▶ **Your objective**
Would you please write out each entry that follows, exactly as written?

(Collected data)
::::::::::
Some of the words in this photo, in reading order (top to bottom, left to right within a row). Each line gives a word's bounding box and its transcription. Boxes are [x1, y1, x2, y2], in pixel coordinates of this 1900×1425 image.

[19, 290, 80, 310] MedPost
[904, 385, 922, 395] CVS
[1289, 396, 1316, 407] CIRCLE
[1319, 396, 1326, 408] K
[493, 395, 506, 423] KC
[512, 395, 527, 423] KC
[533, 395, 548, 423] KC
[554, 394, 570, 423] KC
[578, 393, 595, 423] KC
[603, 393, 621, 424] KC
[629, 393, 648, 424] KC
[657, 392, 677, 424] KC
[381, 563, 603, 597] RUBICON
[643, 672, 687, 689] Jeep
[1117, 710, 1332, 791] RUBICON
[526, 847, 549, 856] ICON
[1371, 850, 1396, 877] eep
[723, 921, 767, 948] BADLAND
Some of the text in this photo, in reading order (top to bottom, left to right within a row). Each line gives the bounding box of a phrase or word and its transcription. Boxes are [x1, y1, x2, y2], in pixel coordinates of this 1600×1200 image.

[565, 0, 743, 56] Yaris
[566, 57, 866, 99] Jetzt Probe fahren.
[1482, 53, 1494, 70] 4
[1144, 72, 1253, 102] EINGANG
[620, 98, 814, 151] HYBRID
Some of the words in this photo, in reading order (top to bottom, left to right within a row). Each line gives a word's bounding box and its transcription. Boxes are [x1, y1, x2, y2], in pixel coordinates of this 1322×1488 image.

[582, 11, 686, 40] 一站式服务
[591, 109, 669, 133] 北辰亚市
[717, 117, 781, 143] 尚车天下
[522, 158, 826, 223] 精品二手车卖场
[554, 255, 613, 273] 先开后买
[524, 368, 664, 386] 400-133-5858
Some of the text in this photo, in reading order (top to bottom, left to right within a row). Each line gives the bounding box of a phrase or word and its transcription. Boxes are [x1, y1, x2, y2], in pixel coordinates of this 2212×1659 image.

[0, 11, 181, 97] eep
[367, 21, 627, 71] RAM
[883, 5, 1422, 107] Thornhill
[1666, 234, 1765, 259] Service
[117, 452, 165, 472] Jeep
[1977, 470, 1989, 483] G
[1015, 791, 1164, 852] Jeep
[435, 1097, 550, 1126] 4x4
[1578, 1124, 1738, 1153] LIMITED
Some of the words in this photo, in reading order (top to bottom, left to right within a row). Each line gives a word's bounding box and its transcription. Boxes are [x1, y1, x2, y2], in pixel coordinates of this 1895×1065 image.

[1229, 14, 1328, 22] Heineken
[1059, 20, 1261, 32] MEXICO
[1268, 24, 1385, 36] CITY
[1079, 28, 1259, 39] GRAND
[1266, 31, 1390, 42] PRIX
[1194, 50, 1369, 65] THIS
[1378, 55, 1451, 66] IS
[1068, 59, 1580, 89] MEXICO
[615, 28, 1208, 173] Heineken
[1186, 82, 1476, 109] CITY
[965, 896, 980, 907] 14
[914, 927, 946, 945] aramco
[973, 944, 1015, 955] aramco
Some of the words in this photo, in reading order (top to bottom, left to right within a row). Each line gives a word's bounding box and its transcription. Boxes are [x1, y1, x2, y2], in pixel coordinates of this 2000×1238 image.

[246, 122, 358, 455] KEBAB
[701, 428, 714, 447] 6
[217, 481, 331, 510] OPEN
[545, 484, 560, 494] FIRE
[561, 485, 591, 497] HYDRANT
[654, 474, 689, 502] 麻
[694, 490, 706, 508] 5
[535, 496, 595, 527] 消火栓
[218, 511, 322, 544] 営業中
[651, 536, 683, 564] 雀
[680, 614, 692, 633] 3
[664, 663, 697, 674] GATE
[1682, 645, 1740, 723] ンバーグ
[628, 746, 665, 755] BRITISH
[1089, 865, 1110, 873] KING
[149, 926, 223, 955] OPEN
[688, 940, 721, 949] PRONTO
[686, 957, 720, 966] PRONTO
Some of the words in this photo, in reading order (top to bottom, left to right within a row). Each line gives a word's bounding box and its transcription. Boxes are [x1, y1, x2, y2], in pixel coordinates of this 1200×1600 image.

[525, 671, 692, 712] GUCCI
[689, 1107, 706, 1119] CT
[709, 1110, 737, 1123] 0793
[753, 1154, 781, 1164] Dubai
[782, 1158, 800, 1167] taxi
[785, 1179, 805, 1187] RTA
::::::::::
▶ **Result of this exercise**
Some of the words in this photo, in reading order (top to bottom, left to right within a row). Each line gives a word's bounding box and its transcription. Boxes are [x1, y1, x2, y2], in pixel coordinates of this 1900×1425 image.

[19, 290, 80, 310] MedPost
[904, 385, 922, 395] CVS
[1289, 396, 1316, 407] CIRCLE
[1319, 396, 1326, 408] K
[493, 395, 506, 423] KC
[512, 395, 527, 423] KC
[533, 395, 548, 423] KC
[554, 394, 570, 423] KC
[578, 393, 595, 423] KC
[603, 393, 621, 424] KC
[629, 393, 648, 424] KC
[657, 392, 677, 424] KC
[381, 563, 603, 597] RUBICON
[643, 672, 687, 689] Jeep
[1117, 710, 1332, 791] RUBICON
[526, 847, 549, 856] ICON
[1371, 850, 1396, 877] eep
[723, 921, 767, 948] BADLAND
Some of the text in this photo, in reading order (top to bottom, left to right within a row). Each line gives the bounding box of a phrase or word and its transcription. Boxes are [x1, y1, x2, y2], in pixel coordinates of this 1600×1200 image.

[565, 0, 743, 56] Yaris
[566, 57, 866, 99] Jetzt Probe fahren.
[1482, 53, 1494, 70] 4
[1144, 72, 1253, 102] EINGANG
[620, 98, 814, 151] HYBRID
Some of the words in this photo, in reading order (top to bottom, left to right within a row). Each line gives a word's bounding box and its transcription. Boxes are [x1, y1, x2, y2], in pixel coordinates of this 1322×1488 image.

[582, 11, 686, 40] 一站式服务
[591, 109, 669, 133] 北辰亚市
[717, 117, 781, 143] 尚车天下
[522, 158, 826, 223] 精品二手车卖场
[554, 255, 613, 273] 先开后买
[524, 368, 664, 386] 400-133-5858
Some of the text in this photo, in reading order (top to bottom, left to right within a row). Each line gives the bounding box of a phrase or word and its transcription. Boxes are [x1, y1, x2, y2], in pixel coordinates of this 2212×1659 image.

[0, 11, 181, 97] eep
[367, 21, 627, 71] RAM
[883, 5, 1422, 107] Thornhill
[1666, 234, 1765, 259] Service
[117, 452, 165, 472] Jeep
[1977, 470, 1989, 483] G
[1015, 791, 1164, 852] Jeep
[435, 1097, 550, 1126] 4x4
[1578, 1124, 1738, 1153] LIMITED
Some of the words in this photo, in reading order (top to bottom, left to right within a row). Each line gives a word's bounding box and its transcription. Boxes are [x1, y1, x2, y2], in pixel coordinates of this 1895×1065 image.

[1229, 14, 1328, 22] Heineken
[1059, 20, 1261, 32] MEXICO
[1268, 24, 1385, 36] CITY
[1079, 28, 1259, 39] GRAND
[1266, 31, 1390, 42] PRIX
[1194, 50, 1369, 65] THIS
[1378, 55, 1451, 66] IS
[1068, 59, 1580, 89] MEXICO
[615, 28, 1208, 173] Heineken
[1186, 82, 1476, 109] CITY
[965, 896, 980, 907] 14
[914, 927, 946, 945] aramco
[973, 944, 1015, 955] aramco
Some of the words in this photo, in reading order (top to bottom, left to right within a row). Each line gives a word's bounding box and its transcription. Boxes are [x1, y1, x2, y2], in pixel coordinates of this 2000×1238 image.

[246, 122, 358, 455] KEBAB
[701, 428, 714, 447] 6
[217, 481, 331, 510] OPEN
[545, 484, 560, 494] FIRE
[561, 485, 591, 497] HYDRANT
[654, 474, 689, 502] 麻
[694, 490, 706, 508] 5
[535, 496, 595, 527] 消火栓
[218, 511, 322, 544] 営業中
[651, 536, 683, 564] 雀
[680, 614, 692, 633] 3
[664, 663, 697, 674] GATE
[1682, 645, 1740, 723] ンバーグ
[628, 746, 665, 755] BRITISH
[1089, 865, 1110, 873] KING
[149, 926, 223, 955] OPEN
[688, 940, 721, 949] PRONTO
[686, 957, 720, 966] PRONTO
Some of the words in this photo, in reading order (top to bottom, left to right within a row). Each line gives a word's bounding box and its transcription. Boxes are [x1, y1, x2, y2], in pixel coordinates of this 1200×1600 image.

[525, 671, 692, 712] GUCCI
[689, 1107, 706, 1119] CT
[709, 1110, 737, 1123] 0793
[753, 1154, 781, 1164] Dubai
[782, 1158, 800, 1167] taxi
[785, 1179, 805, 1187] RTA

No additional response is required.